The Return of Cold Showers

Several years ago on this blog, I posted a little bit about cold showers. It was one of many health experiments that caught my attention. My interest was building resiliency, strengthening the immune system, and possibly fat loss. Over the years, I came to believe the fat loss angle probably trivial at best. Strengthening the immune system was there but seemed unmeasurable. However, the resiliency was real.

Because I get interested in so many things health-related, I confess that I got out of the habit of doing the cold water rinse at the end of my showers. Then COVID arrived and I was looking for any tool I could to improve my immune system. With advocates such as Wim Hof stating that cold showers could reduce inflammation and strengthen the immune system, I was back on board. Daily cold showers.

Since spring, I have been taking cold showers. Only, I am not doing them as I did back in 2011-2014. Instead of doing a simple 30-second blast between my shoulder-blades and leg rinse, I’ve upped it to the entire body starting with the face.

No Decision To Make

I used to have to both remember to finish my shower with cold water and decide if I wanted to take a cold shower that morning. Often I’d be finished with the shower only to remember that I had meant to do a cold water finish. I needed a reminder.

For that, I put this little toy in my shower. It is Sterling Archer from the animated show. The only thing Archer means to me is a cold shower. When I see it, I am reminded to take a cold shower.

archer in shower

The second obstacle was removed because I have already decided that EVERY SINGLE DAY my shower will end with cold water. No choice. Just like I have no choice to not do a Duolingo lesson every morning (my streak is now 1851 days).

Resiliency Achieved

A month ago, my home lost hot water for a week. The outside temperature was near freezing, so the water coming into the house was very cold. Not “summer cold” but damn cold.

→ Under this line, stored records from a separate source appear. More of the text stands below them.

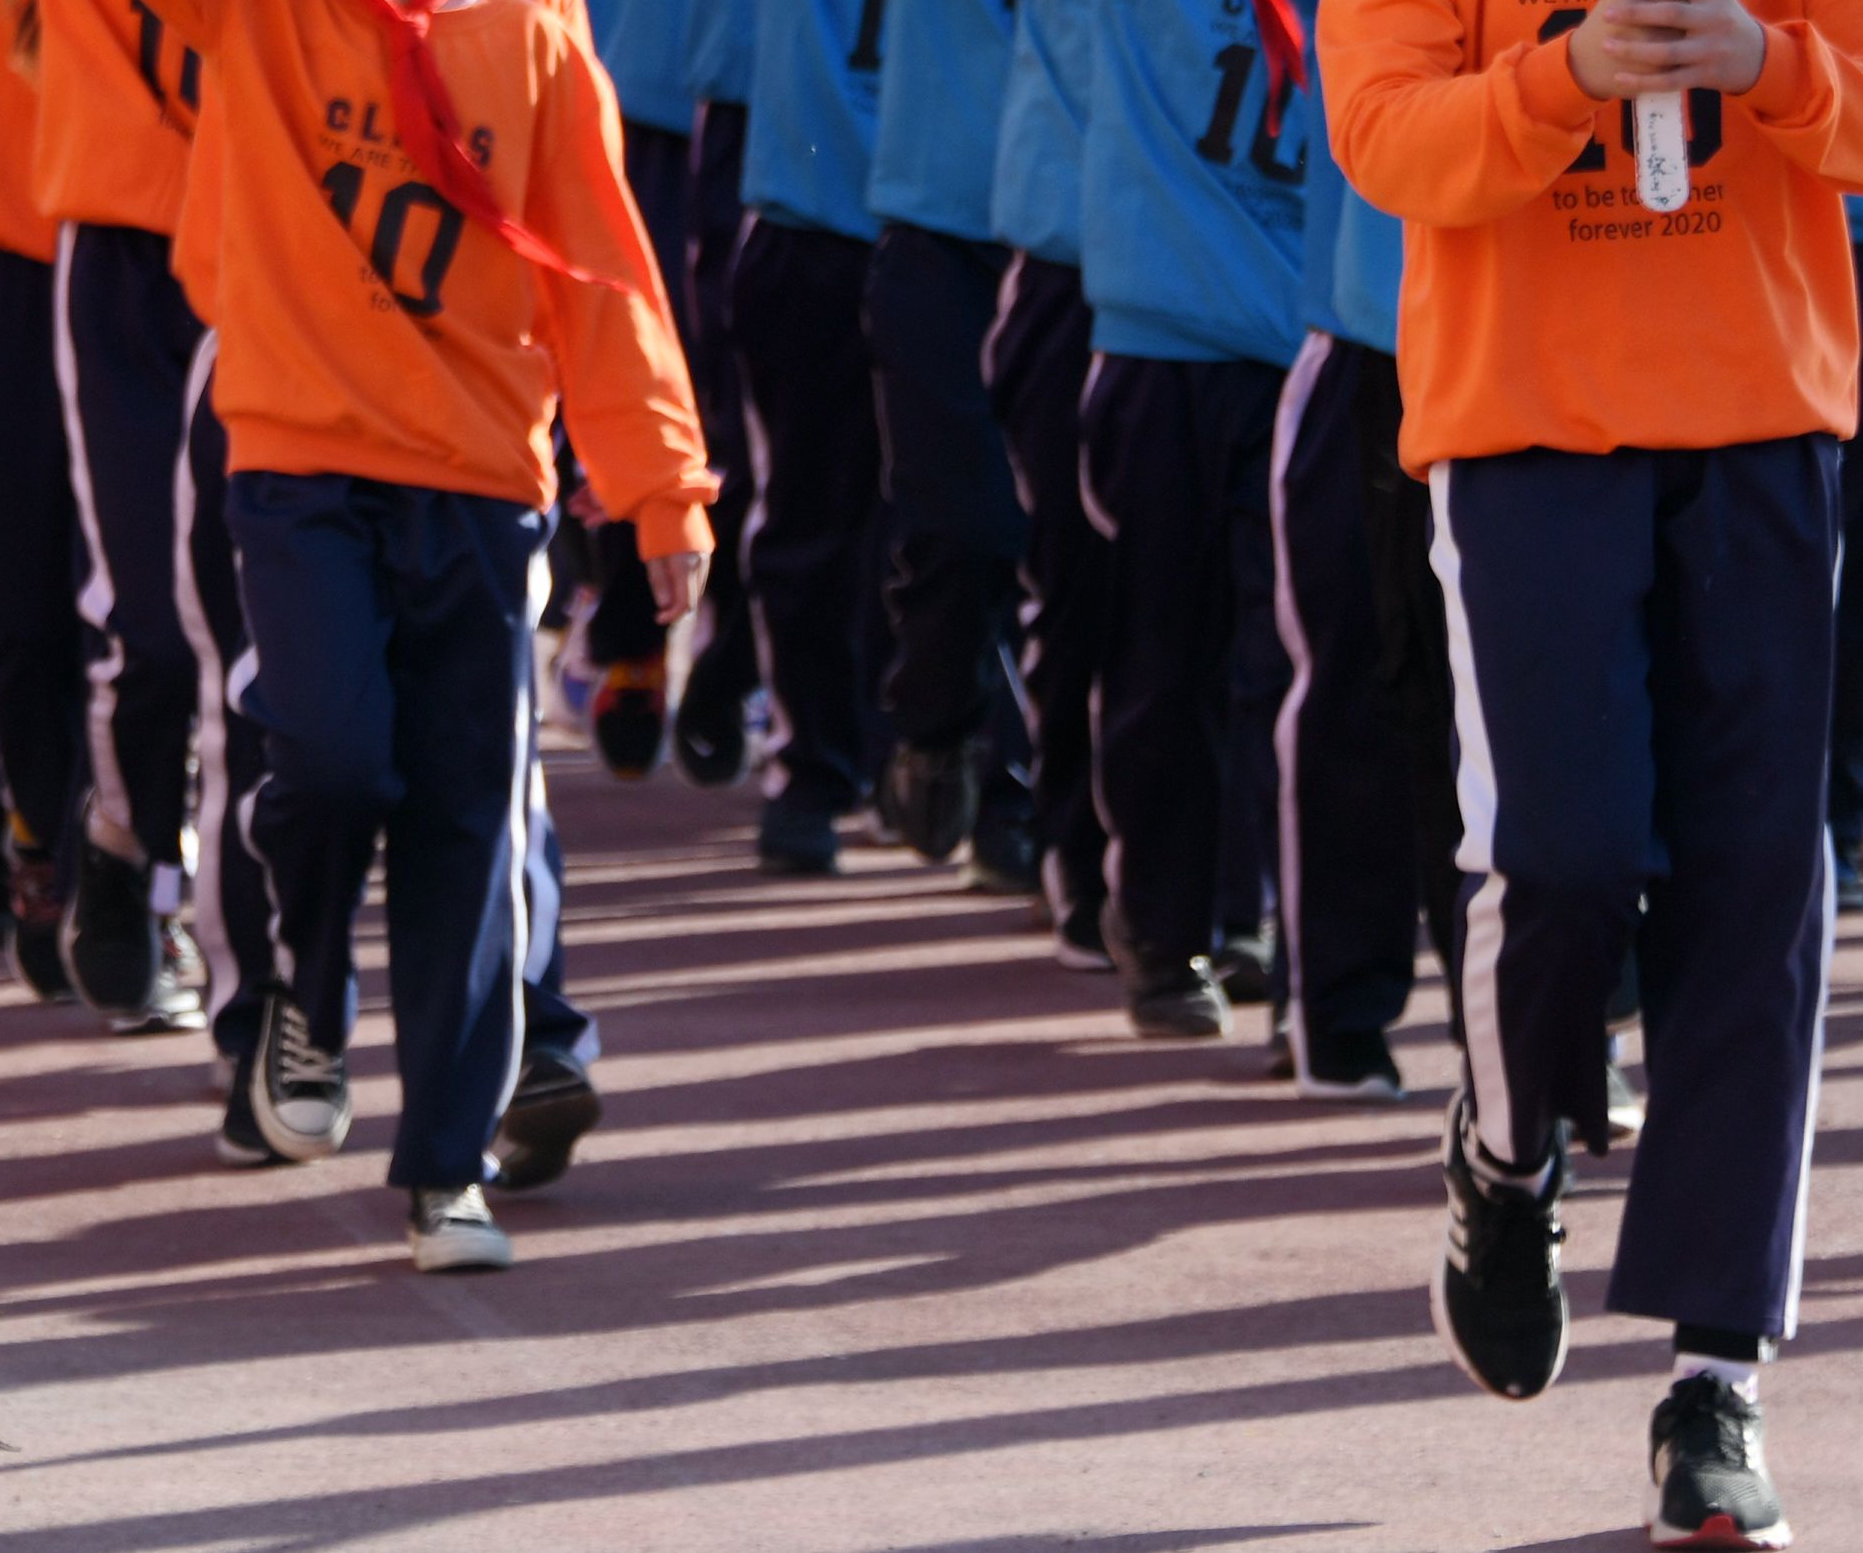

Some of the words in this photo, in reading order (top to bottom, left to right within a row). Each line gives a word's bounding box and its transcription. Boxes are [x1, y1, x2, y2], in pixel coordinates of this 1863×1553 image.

[327, 98, 495, 169] CLS
[1553, 189, 1578, 209] to
[1584, 185, 1614, 207] be
[1569, 219, 1652, 241] forever
[1660, 211, 1722, 236] 2020

For one week, I no longer had the luxury of starting the shower hot and finishing cold. It was all cold. And I was fine.


If you are starting from zero, I still recommend at the end of the hot shower to gradually reduce the temperature and aim the cold water between your shoulder blades for 30 seconds. Then add the arms and legs. Once you get more comfortable add the face and chest.

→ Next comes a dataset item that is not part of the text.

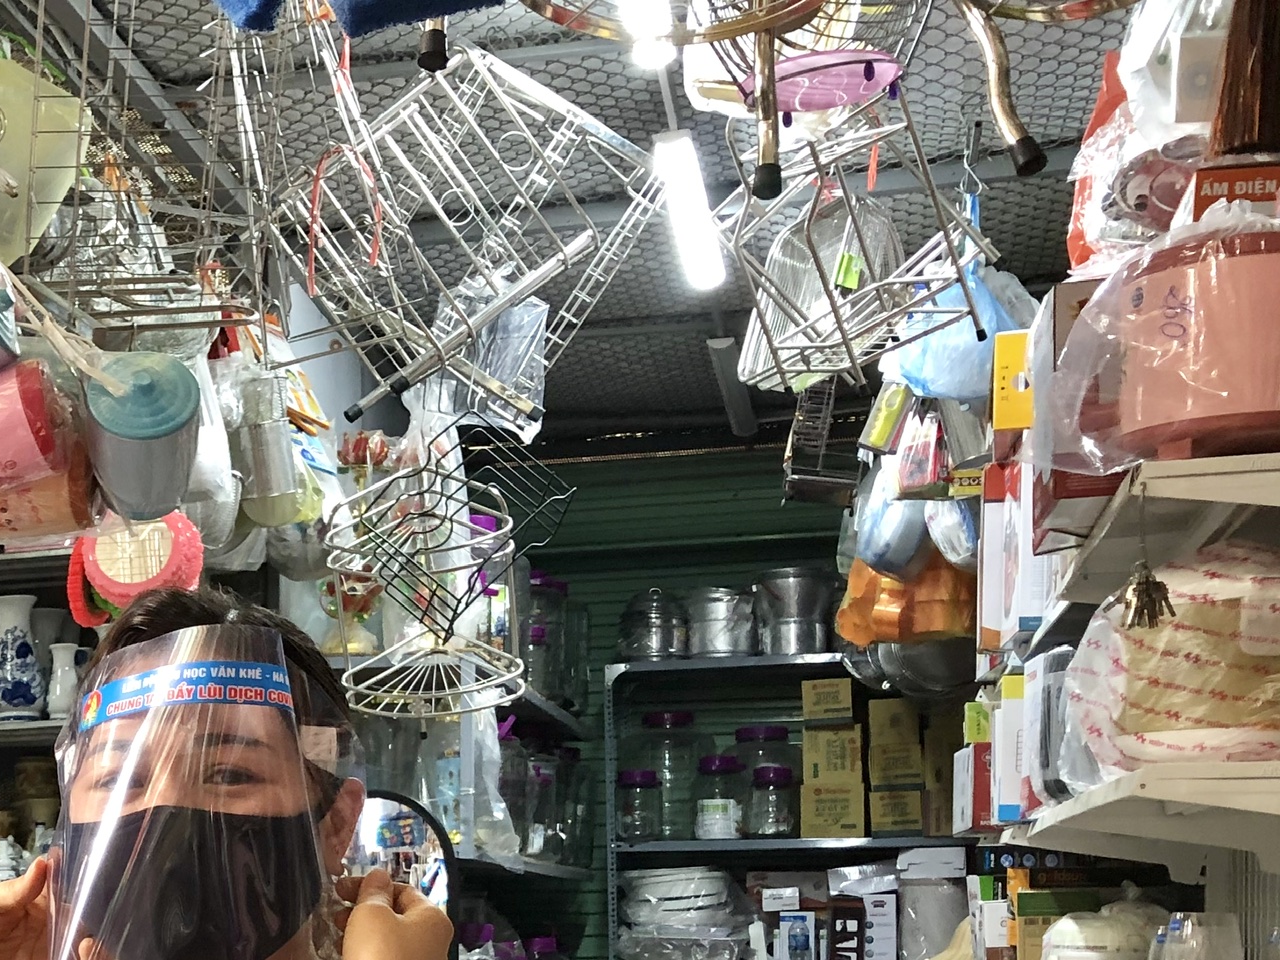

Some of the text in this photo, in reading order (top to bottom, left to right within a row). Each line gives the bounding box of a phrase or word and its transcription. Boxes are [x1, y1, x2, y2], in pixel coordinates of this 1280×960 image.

Don’t hold your breath when bracing for cold impact. In fact, do the opposite. Do a few deep breathes prior to flipping the water to cold and continue to breathe deeply during the cold shower.

Wim Hof likes his followers to work up to a 2-minute cold shower finish. That is where I am at.

The more you do cold showers, the easier they get. Soon you’ll be on autopilot. You will build resiliency and you might strengthen your immune system. And it doesn’t cost anything.


Add yours

  1. Is there any solid, recent research supporting this practice?

  2. @Glenn – Good question. Wim Hof just published his book. I plan to read it as he is the one making the loudest claims. Maybe the support for his claims are referenced there?

  3. I look forward to reading more from you on this and other topics. If I find any research I’ll send it your way.

  4. I’m sticking with hot showers. Enjoy!

  5. For what it’s worth I recently heard a druid say that cold water cleanses the etheric body which is beneficial.

  6. I used to do cold showers to wake me up at the start of the day. Now that I’ve shifted to exercising in the mornings instead of evenings, I fear that cold therapy after my workout will hinder the positive stress response and interfere with hypertrophy/strength gains (there’s research showing this, but on submersion via ice baths, whether or not it applies also to cold showers as well is debatable, but I’m erring on the side of caution). For that reason, and not wanting to take one before morning workouts (the antithesis of a pre-workout warm-up!), I’m planning on doing freezing shower or ice baths in the evenings from now on. I’ve never done it later in the day, some people report a beneficial affect that aids in falling asleep more quickly, so I’m hoping I see that. I still try, when available, to use dry saunas or IR saunas after my morning workouts to get heat therapy as well and post-workout has a positive affect on hypertrophy/muscle repair.